Your task |
Word for word, retype the records below.

Excerpted data |
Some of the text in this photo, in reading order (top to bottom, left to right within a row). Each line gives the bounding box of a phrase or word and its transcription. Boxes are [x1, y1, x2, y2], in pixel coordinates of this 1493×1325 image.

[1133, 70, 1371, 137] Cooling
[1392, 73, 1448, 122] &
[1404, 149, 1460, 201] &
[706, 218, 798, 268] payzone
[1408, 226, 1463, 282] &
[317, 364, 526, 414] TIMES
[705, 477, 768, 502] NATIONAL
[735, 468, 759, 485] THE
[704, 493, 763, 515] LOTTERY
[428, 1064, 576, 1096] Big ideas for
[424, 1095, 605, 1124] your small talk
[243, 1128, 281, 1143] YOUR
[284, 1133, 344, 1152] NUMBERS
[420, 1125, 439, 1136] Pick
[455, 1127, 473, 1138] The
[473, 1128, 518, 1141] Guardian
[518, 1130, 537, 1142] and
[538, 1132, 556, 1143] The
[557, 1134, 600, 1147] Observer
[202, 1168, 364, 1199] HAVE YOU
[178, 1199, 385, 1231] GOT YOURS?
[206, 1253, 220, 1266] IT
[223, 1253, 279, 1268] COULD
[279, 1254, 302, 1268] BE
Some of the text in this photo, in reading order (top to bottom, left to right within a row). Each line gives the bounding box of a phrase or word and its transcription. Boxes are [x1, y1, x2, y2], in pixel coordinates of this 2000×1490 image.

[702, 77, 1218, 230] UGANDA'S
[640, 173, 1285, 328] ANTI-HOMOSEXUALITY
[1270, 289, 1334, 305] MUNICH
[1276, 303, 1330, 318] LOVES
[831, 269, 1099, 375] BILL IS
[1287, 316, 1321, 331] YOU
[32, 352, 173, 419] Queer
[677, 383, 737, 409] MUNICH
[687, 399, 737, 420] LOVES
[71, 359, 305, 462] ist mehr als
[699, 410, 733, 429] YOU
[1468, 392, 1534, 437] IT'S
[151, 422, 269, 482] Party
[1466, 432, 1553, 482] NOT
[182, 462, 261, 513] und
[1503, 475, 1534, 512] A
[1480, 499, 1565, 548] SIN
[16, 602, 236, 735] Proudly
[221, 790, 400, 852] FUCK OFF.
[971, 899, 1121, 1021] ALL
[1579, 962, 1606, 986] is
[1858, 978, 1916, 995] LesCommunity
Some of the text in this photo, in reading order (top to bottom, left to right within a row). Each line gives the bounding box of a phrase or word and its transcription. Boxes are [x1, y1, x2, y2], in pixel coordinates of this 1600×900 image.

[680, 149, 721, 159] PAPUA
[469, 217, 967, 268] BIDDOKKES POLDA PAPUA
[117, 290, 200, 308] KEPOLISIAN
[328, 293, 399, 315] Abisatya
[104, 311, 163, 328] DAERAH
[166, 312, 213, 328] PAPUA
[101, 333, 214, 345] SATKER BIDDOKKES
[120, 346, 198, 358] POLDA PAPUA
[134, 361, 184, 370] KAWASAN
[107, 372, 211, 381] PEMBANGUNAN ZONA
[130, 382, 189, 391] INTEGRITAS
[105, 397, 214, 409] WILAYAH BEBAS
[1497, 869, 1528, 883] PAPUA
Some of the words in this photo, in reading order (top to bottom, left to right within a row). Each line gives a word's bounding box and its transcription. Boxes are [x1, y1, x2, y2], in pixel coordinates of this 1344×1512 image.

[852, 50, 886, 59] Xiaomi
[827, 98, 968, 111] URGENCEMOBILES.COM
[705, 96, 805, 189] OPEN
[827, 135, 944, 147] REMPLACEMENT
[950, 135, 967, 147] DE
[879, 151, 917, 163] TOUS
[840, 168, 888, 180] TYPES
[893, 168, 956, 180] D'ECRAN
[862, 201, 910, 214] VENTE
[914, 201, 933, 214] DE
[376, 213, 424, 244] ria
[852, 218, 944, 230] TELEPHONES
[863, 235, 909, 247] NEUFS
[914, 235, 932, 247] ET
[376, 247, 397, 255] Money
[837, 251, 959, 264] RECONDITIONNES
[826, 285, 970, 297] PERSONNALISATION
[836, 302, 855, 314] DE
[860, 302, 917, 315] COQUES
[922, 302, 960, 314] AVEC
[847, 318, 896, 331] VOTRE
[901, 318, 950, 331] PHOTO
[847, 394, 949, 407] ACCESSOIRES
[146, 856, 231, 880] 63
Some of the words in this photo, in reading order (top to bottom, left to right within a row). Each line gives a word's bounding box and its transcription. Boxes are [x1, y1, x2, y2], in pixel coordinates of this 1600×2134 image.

Solution to the problem |
Some of the text in this photo, in reading order (top to bottom, left to right within a row). Each line gives the bounding box of a phrase or word and its transcription. Boxes are [x1, y1, x2, y2], in pixel coordinates of this 1493×1325 image.

[1133, 70, 1371, 137] Cooling
[1392, 73, 1448, 122] &
[1404, 149, 1460, 201] &
[706, 218, 798, 268] payzone
[1408, 226, 1463, 282] &
[317, 364, 526, 414] TIMES
[705, 477, 768, 502] NATIONAL
[735, 468, 759, 485] THE
[704, 493, 763, 515] LOTTERY
[428, 1064, 576, 1096] Big ideas for
[424, 1095, 605, 1124] your small talk
[243, 1128, 281, 1143] YOUR
[284, 1133, 344, 1152] NUMBERS
[420, 1125, 439, 1136] Pick
[455, 1127, 473, 1138] The
[473, 1128, 518, 1141] Guardian
[518, 1130, 537, 1142] and
[538, 1132, 556, 1143] The
[557, 1134, 600, 1147] Observer
[202, 1168, 364, 1199] HAVE YOU
[178, 1199, 385, 1231] GOT YOURS?
[206, 1253, 220, 1266] IT
[223, 1253, 279, 1268] COULD
[279, 1254, 302, 1268] BE
Some of the text in this photo, in reading order (top to bottom, left to right within a row). Each line gives the bounding box of a phrase or word and its transcription. Boxes are [x1, y1, x2, y2], in pixel coordinates of this 2000×1490 image.

[702, 77, 1218, 230] UGANDA'S
[640, 173, 1285, 328] ANTI-HOMOSEXUALITY
[1270, 289, 1334, 305] MUNICH
[1276, 303, 1330, 318] LOVES
[831, 269, 1099, 375] BILL IS
[1287, 316, 1321, 331] YOU
[32, 352, 173, 419] Queer
[677, 383, 737, 409] MUNICH
[687, 399, 737, 420] LOVES
[71, 359, 305, 462] ist mehr als
[699, 410, 733, 429] YOU
[1468, 392, 1534, 437] IT'S
[151, 422, 269, 482] Party
[1466, 432, 1553, 482] NOT
[182, 462, 261, 513] und
[1503, 475, 1534, 512] A
[1480, 499, 1565, 548] SIN
[16, 602, 236, 735] Proudly
[221, 790, 400, 852] FUCK OFF.
[971, 899, 1121, 1021] ALL
[1579, 962, 1606, 986] is
[1858, 978, 1916, 995] LesCommunity
Some of the text in this photo, in reading order (top to bottom, left to right within a row). Each line gives the bounding box of a phrase or word and its transcription. Boxes are [x1, y1, x2, y2], in pixel coordinates of this 1600×900 image.

[680, 149, 721, 159] PAPUA
[469, 217, 967, 268] BIDDOKKES POLDA PAPUA
[117, 290, 200, 308] KEPOLISIAN
[328, 293, 399, 315] Abisatya
[104, 311, 163, 328] DAERAH
[166, 312, 213, 328] PAPUA
[101, 333, 214, 345] SATKER BIDDOKKES
[120, 346, 198, 358] POLDA PAPUA
[134, 361, 184, 370] KAWASAN
[107, 372, 211, 381] PEMBANGUNAN ZONA
[130, 382, 189, 391] INTEGRITAS
[105, 397, 214, 409] WILAYAH BEBAS
[1497, 869, 1528, 883] PAPUA
Some of the words in this photo, in reading order (top to bottom, left to right within a row). Each line gives a word's bounding box and its transcription. Boxes are [x1, y1, x2, y2], in pixel coordinates of this 1344×1512 image.

[852, 50, 886, 59] Xiaomi
[827, 98, 968, 111] URGENCEMOBILES.COM
[705, 96, 805, 189] OPEN
[827, 135, 944, 147] REMPLACEMENT
[950, 135, 967, 147] DE
[879, 151, 917, 163] TOUS
[840, 168, 888, 180] TYPES
[893, 168, 956, 180] D'ECRAN
[862, 201, 910, 214] VENTE
[914, 201, 933, 214] DE
[376, 213, 424, 244] ria
[852, 218, 944, 230] TELEPHONES
[863, 235, 909, 247] NEUFS
[914, 235, 932, 247] ET
[376, 247, 397, 255] Money
[837, 251, 959, 264] RECONDITIONNES
[826, 285, 970, 297] PERSONNALISATION
[836, 302, 855, 314] DE
[860, 302, 917, 315] COQUES
[922, 302, 960, 314] AVEC
[847, 318, 896, 331] VOTRE
[901, 318, 950, 331] PHOTO
[847, 394, 949, 407] ACCESSOIRES
[146, 856, 231, 880] 63
Some of the words in this photo, in reading order (top to bottom, left to right within a row). Each line gives a word's bounding box and its transcription. Boxes are [x1, y1, x2, y2], in pixel coordinates of this 1600×2134 image.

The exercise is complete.